Внутренний ад человека может заключаться в необходимости признать тот факт, что мать на самом деле никогда его не любила. А может, и в том, что его посещают фантазии о полном уничтожении тех, кого этот человек любит больше всего, как в случае Медеи, убивающей своих детей. Или в страданиях по поводу пережитых отвратительных проявлений жестокости во время войны, когда патриотичным становится ненавидеть и убивать. Личный ад каждого из нас никуда не девается, он взывает к тому, чтобы мы взглянули на него с должной прямотой. А мы обнаруживаем, что без посторонней помощи бессильны хоть как-то справиться с этими препятствиями.
Положение, в котором оказался Данте в ту Страстную пятницу, напоминает нам многочисленные признания, не исключая наши собственные. Эта ситуация похожа на ту, в которой находится Гамлет в Эльсиноре; или Арнольд на Дуврском берегу; или – если обратиться к еще более ранним источникам, которыми пользуется сам Данте, – святой Августин, который сравнивал свою распутную жизнь в Риме и связанное с нею отчаяние с путешествием в ад, или апостол Павел, печальная исповедь которого в Послании к Римлянам звучит, постоянно повторяясь, в литературе по психоанализу в не меньшей степени, чем в поэме Данте:
«Потому что желание добра есть во мне, но чтобы сделать оное, того не нахожу. Доброго, которого хочу, не делаю, а злое, которого не хочу, делаю»[131].

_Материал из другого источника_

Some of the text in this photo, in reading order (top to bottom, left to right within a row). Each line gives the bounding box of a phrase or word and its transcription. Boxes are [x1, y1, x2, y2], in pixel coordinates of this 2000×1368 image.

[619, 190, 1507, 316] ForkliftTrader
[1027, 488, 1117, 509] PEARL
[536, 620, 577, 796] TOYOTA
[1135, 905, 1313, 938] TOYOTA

В этот психологический момент поэмы Данте замечает рядом с собой какую-то фигуру и восклицает: «Кто б ни был ты – живой иль привиденье, спаси меня!» Этой фигурой оказывается Вергилий, который был послан, чтобы провести его через ад. После каких-то коротких объяснений о себе Вергилий говорит:
Иди за мной – тебе не будет худо,
Я выведу – на то мне власть дана —
Тебя чрез область вечности отсюда,
Чрез область, где услышишь ты во мгле
Стенания и вопли…
На что Данте отвечает:
«Спаси меня, поэт! – я умолял. —
Спаси меня от бедствий ты ужасных
И в область смерти выведи, чтоб знал
Я скорбь теней томящихся, несчастных,
И приведи к священным тем вратам,
Где Петр Святой обитель душ прекрасных
Век стережет. Я быть желаю там».
И далее Вергилий как проводник и советчик ведет Данте и разъясняет ему суть различных кругов ада (или, как скажут последователи Фрейда, уровней бессознательного). В свое время Вергилий показал в своих творениях, в особенности в «Энеиде», глубокое знакомство с тем полным опасностей нравственным ландшафтом, который они сейчас намереваются пересечь. Самое главное – Вергилий будет выступать в роли друга, который будет сопровождать сбитого с толку паломника.